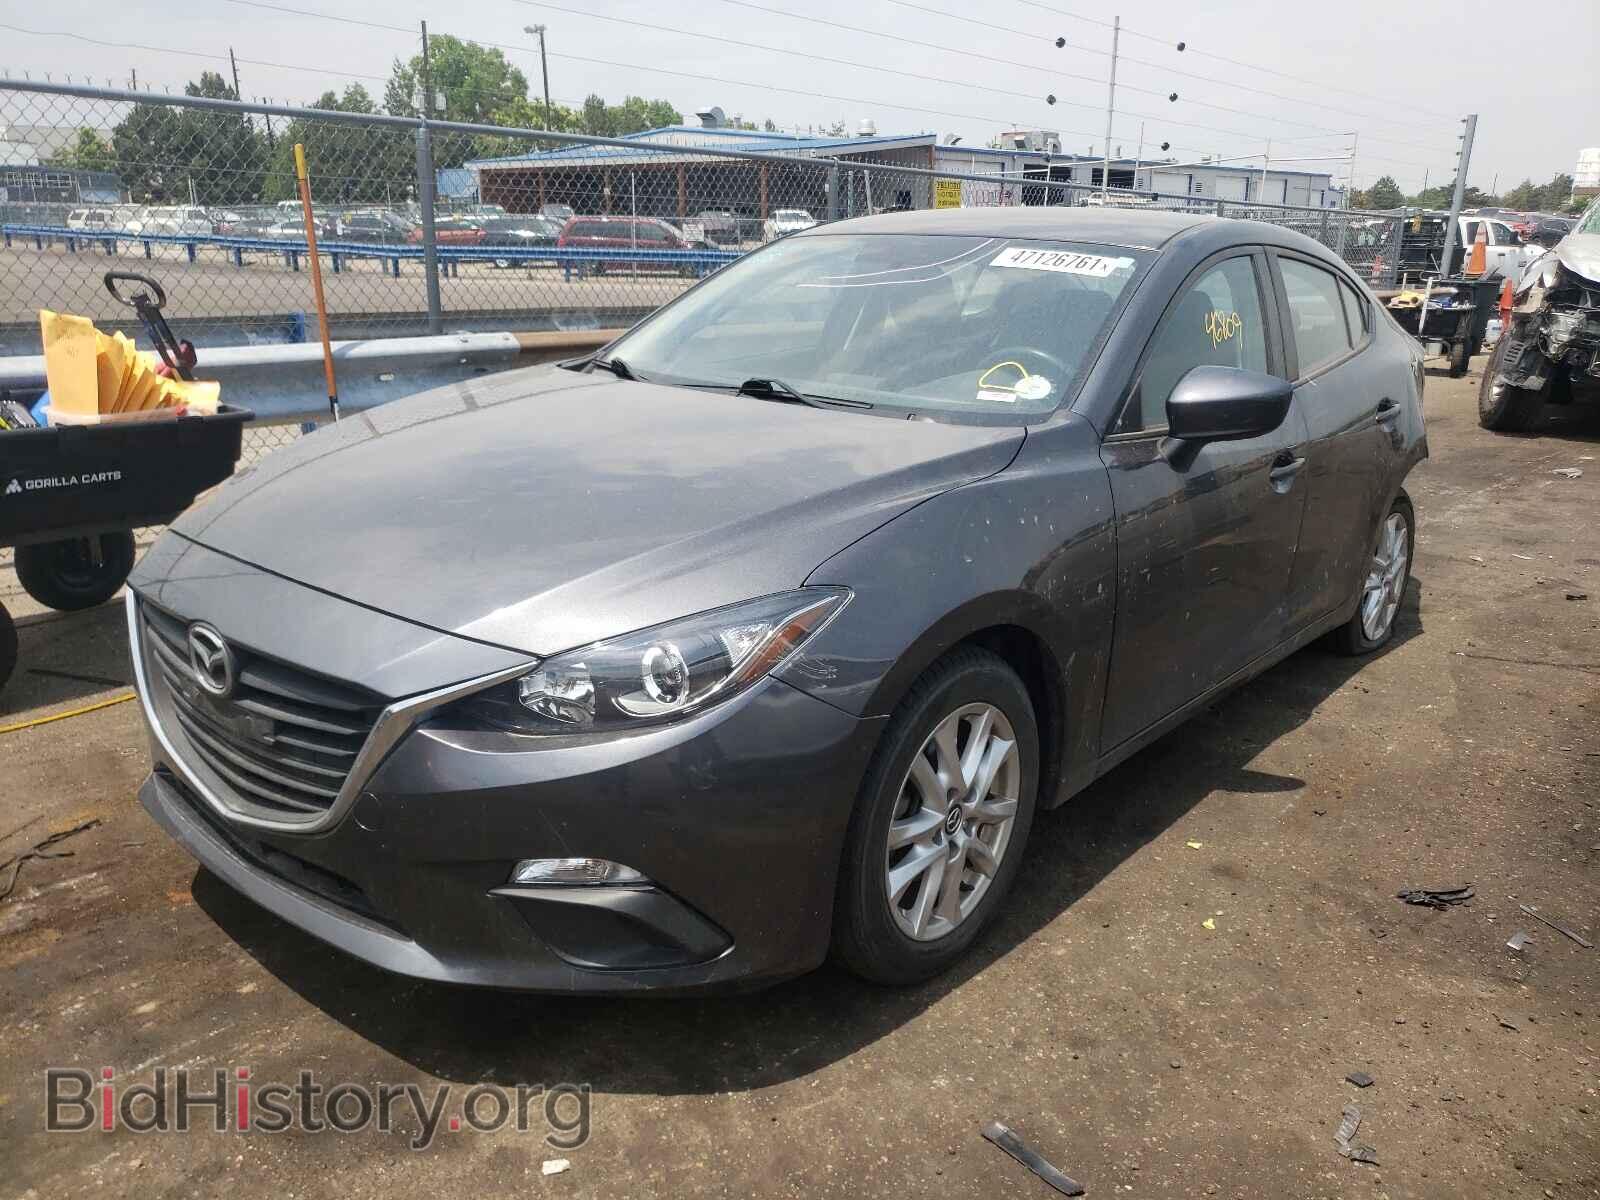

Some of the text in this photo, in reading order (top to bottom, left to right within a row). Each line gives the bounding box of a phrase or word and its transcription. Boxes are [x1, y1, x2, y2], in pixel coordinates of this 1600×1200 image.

[1011, 250, 1102, 270] 47126761
[25, 471, 121, 490] GORILLA CARTS
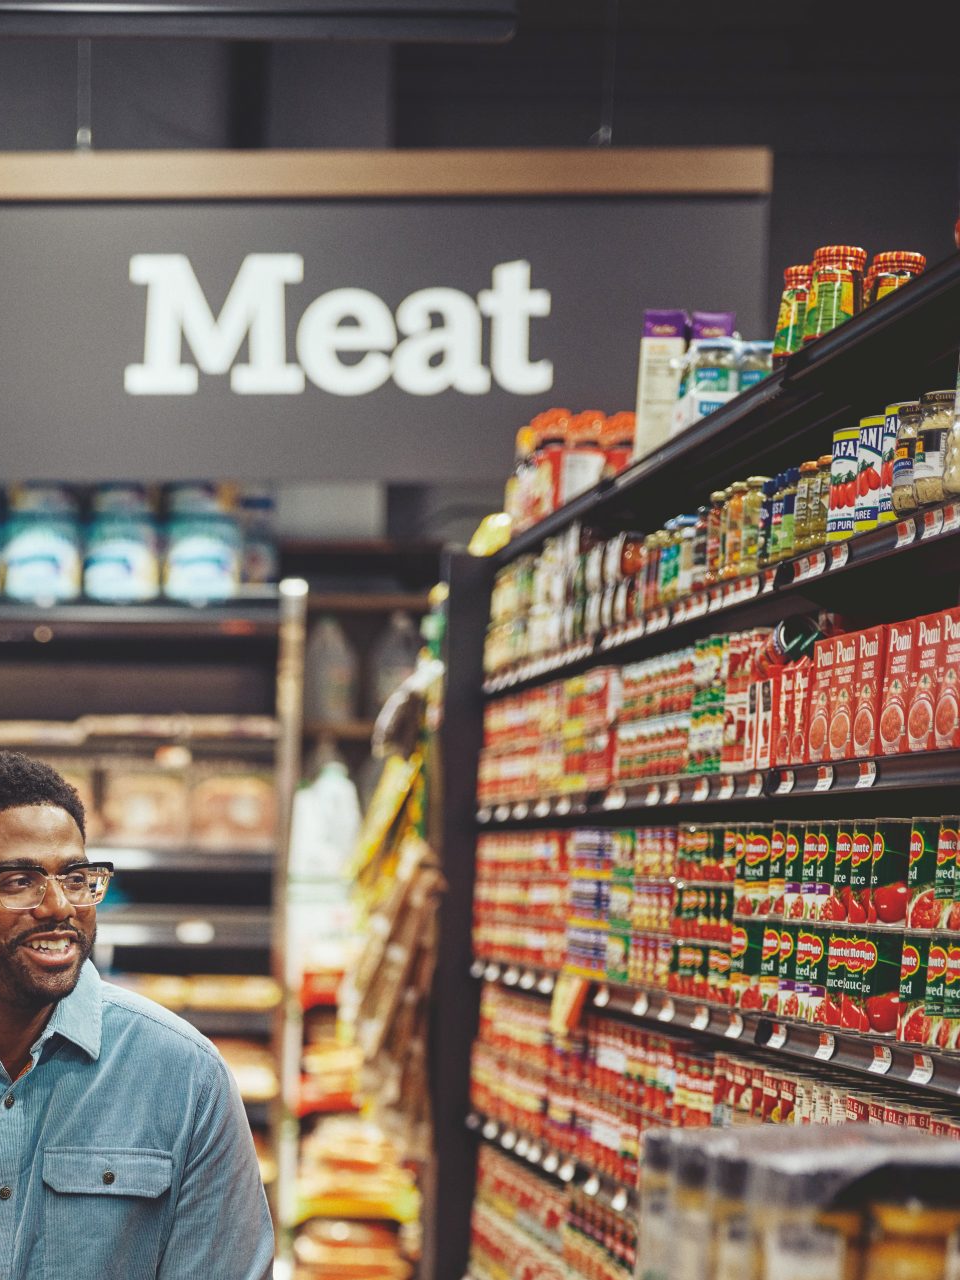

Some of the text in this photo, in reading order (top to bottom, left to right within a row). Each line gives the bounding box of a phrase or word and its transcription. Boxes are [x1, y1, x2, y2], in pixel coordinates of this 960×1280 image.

[123, 253, 554, 396] Meat
[860, 632, 879, 659] Pomì
[890, 626, 913, 653] Pomì
[918, 620, 941, 647] Pomì
[836, 638, 856, 664] Pomì
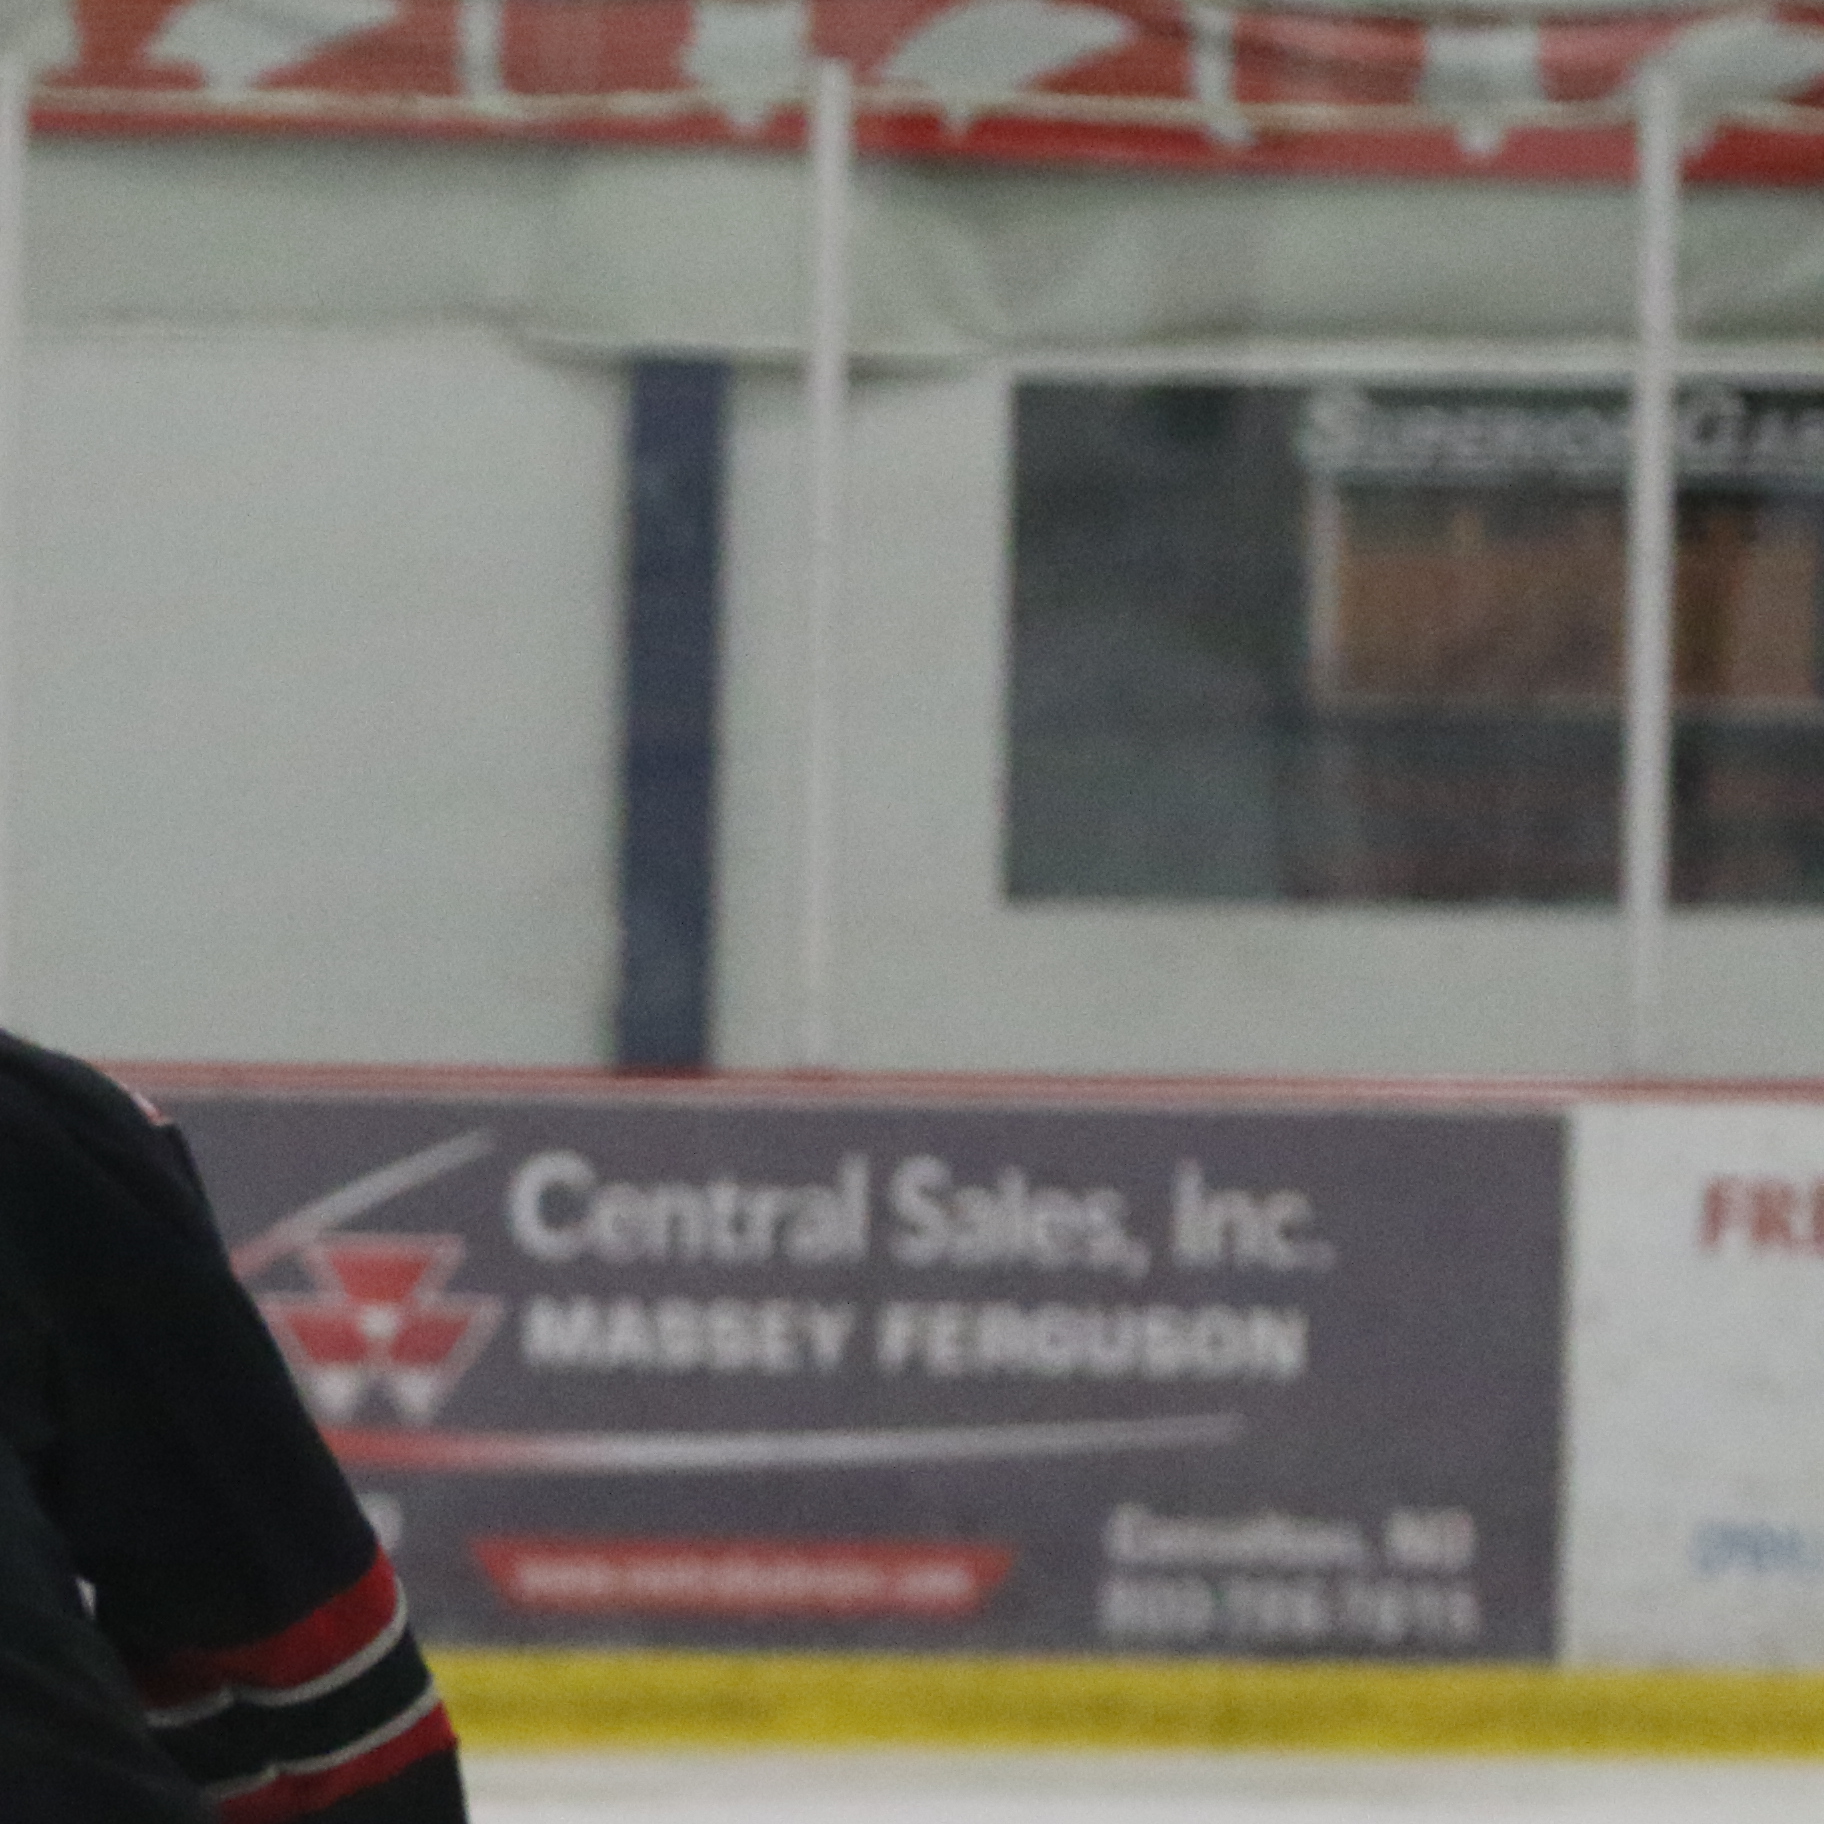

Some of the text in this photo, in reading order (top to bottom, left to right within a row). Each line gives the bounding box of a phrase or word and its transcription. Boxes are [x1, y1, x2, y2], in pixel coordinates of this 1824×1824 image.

[505, 1149, 1336, 1276] Central Sales, Inc.
[520, 1297, 1310, 1379] MASSEY FERGUSON

___

The entries above are to be printed again word for word, with every picture removed.

> **SOLUTION TO THIS TASK**:
Some of the text in this photo, in reading order (top to bottom, left to right within a row). Each line gives the bounding box of a phrase or word and its transcription. Boxes are [x1, y1, x2, y2], in pixel coordinates of this 1600×1200 image.

[1011, 250, 1102, 270] 47126761
[25, 471, 121, 490] GORILLA CARTS

Some of the text in this photo, in reading order (top to bottom, left to right within a row). Each line gives the bounding box of a phrase or word and its transcription. Boxes are [x1, y1, x2, y2], in pixel coordinates of this 960×1280 image.

[123, 253, 554, 396] Meat
[860, 632, 879, 659] Pomì
[890, 626, 913, 653] Pomì
[918, 620, 941, 647] Pomì
[836, 638, 856, 664] Pomì

Some of the text in this photo, in reading order (top to bottom, left to right within a row). Each line gives the bounding box of a phrase or word and its transcription. Boxes are [x1, y1, x2, y2], in pixel coordinates of this 1824×1824 image.

[505, 1149, 1336, 1276] Central Sales, Inc.
[520, 1297, 1310, 1379] MASSEY FERGUSON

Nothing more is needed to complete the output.